▸ PROBLEM DESCRIPTION:
Every entry gets copied exactly. No images go into the copy.

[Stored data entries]

+++++

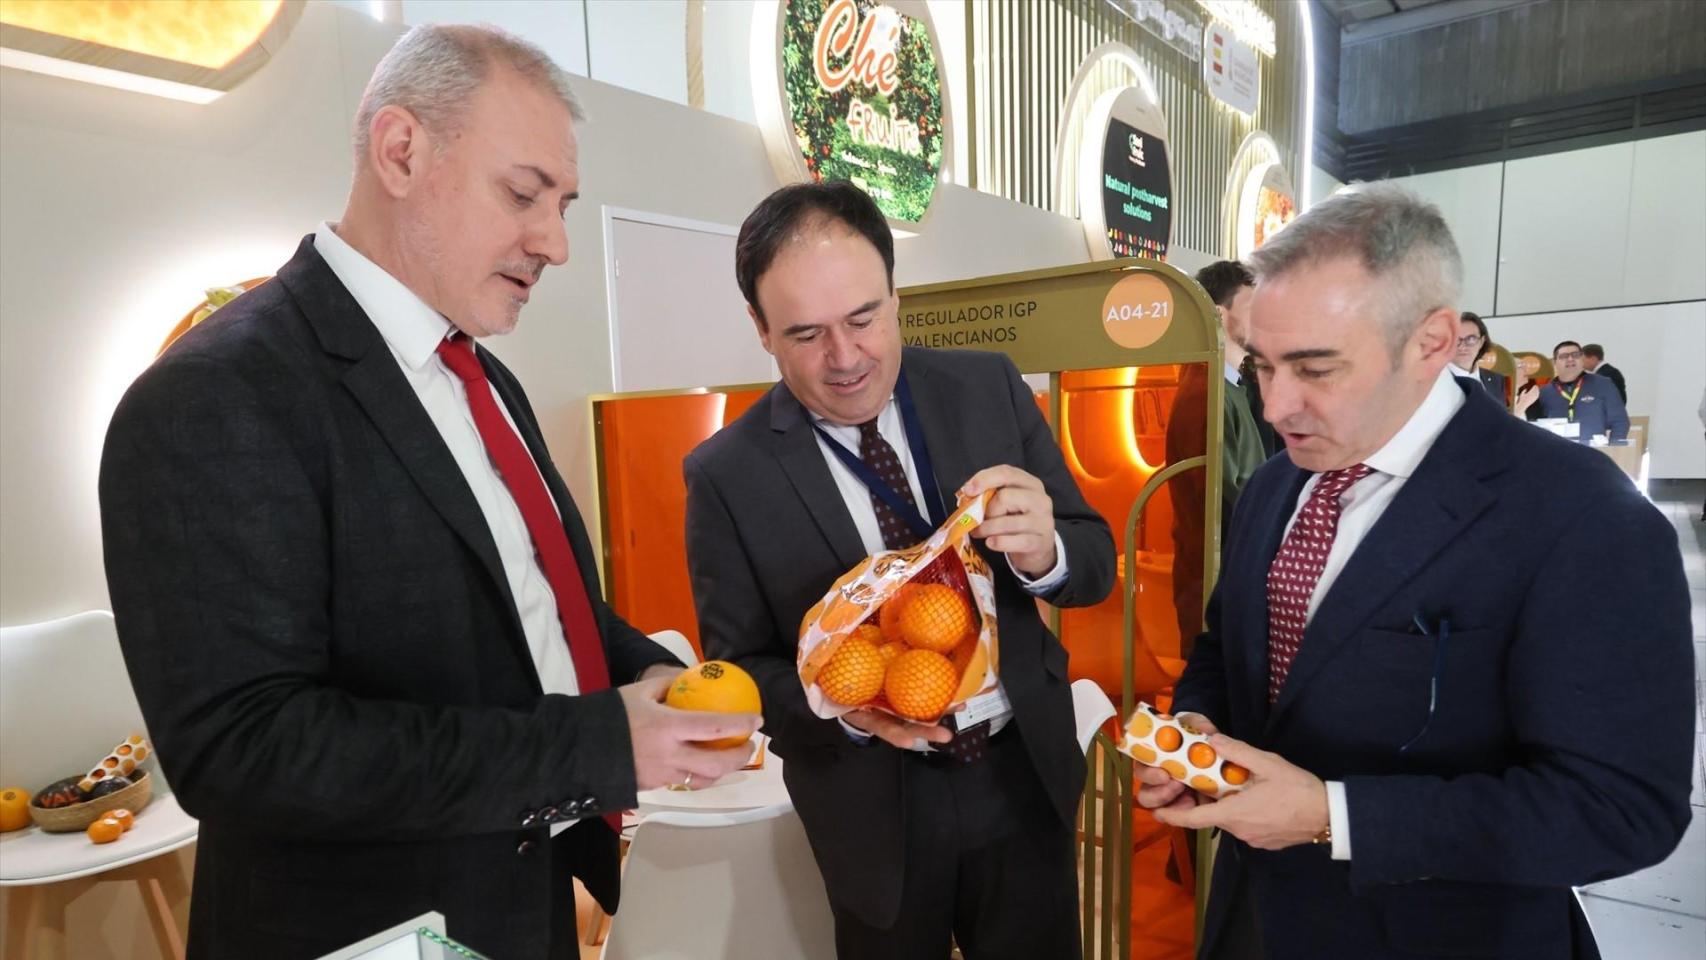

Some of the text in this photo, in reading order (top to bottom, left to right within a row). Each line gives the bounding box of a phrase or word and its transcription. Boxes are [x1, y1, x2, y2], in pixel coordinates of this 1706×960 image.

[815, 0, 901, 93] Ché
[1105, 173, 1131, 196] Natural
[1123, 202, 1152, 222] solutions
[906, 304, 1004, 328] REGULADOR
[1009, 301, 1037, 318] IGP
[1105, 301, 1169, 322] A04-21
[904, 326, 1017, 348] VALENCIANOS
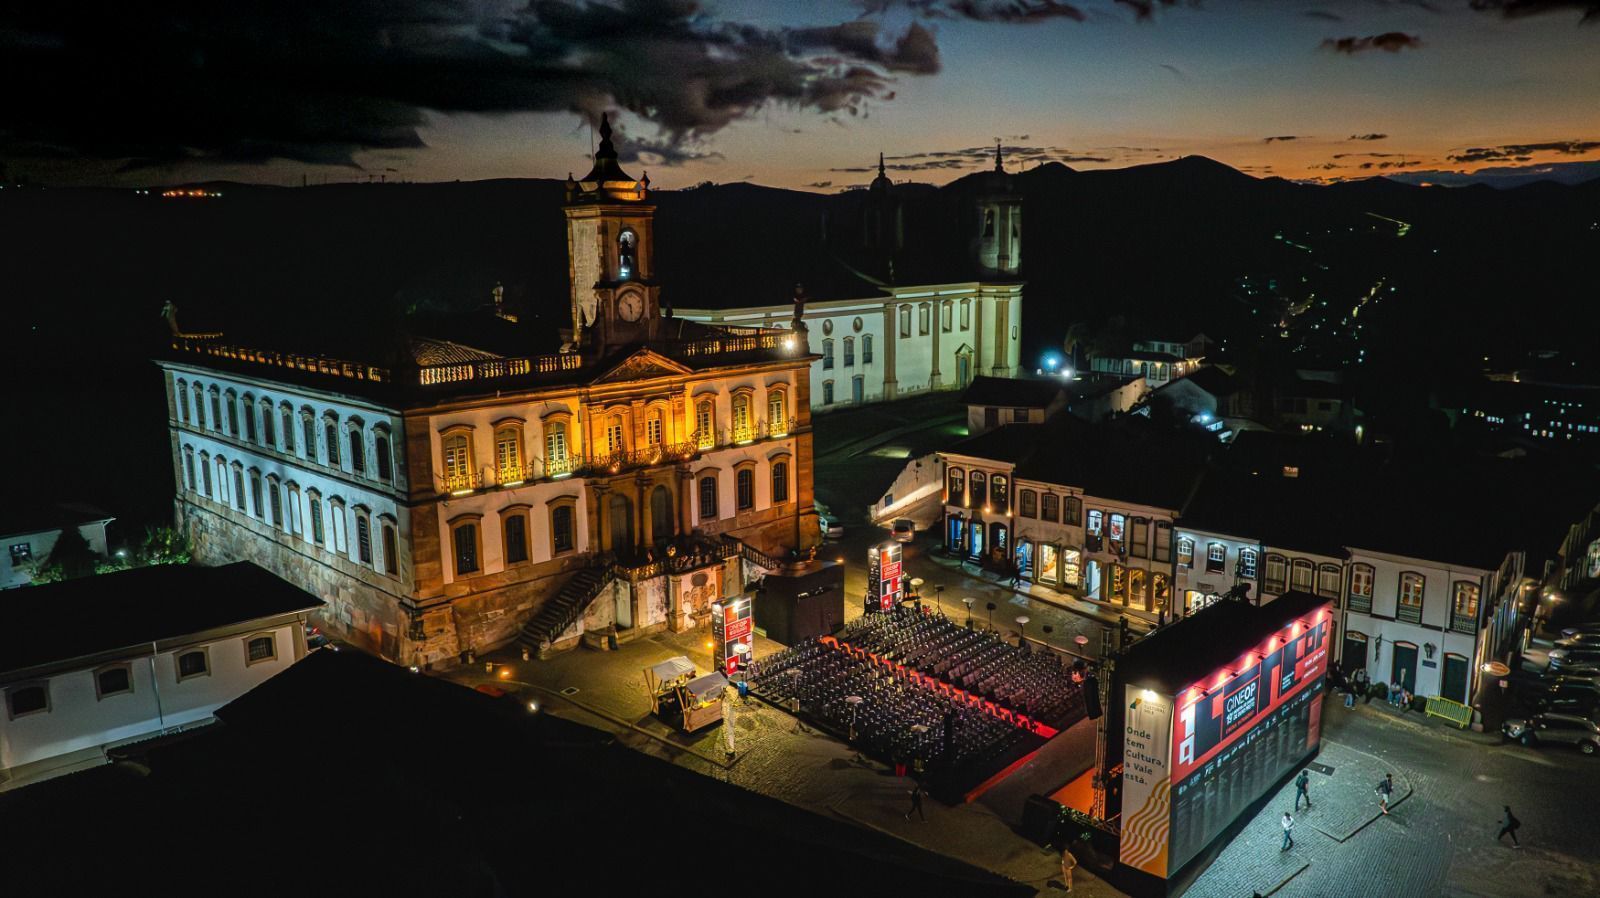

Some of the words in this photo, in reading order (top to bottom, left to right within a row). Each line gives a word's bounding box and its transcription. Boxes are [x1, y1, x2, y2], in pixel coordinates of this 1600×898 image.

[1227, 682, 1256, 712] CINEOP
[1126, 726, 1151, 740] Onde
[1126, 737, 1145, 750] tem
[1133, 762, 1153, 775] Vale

+++++

▸ REPLY TO THE EXERCISE:
Some of the text in this photo, in reading order (top to bottom, left to right within a row). Each line gives the bounding box of a phrase or word and its transcription. Boxes are [x1, y1, x2, y2], in pixel coordinates of this 1706×960 image.

[815, 0, 901, 93] Ché
[1105, 173, 1131, 196] Natural
[1123, 202, 1152, 222] solutions
[906, 304, 1004, 328] REGULADOR
[1009, 301, 1037, 318] IGP
[1105, 301, 1169, 322] A04-21
[904, 326, 1017, 348] VALENCIANOS

Some of the words in this photo, in reading order (top to bottom, left to right within a row). Each line gives a word's bounding box and its transcription. Boxes are [x1, y1, x2, y2], in pixel coordinates of this 1600×898 image.

[1227, 682, 1256, 712] CINEOP
[1126, 726, 1151, 740] Onde
[1126, 737, 1145, 750] tem
[1133, 762, 1153, 775] Vale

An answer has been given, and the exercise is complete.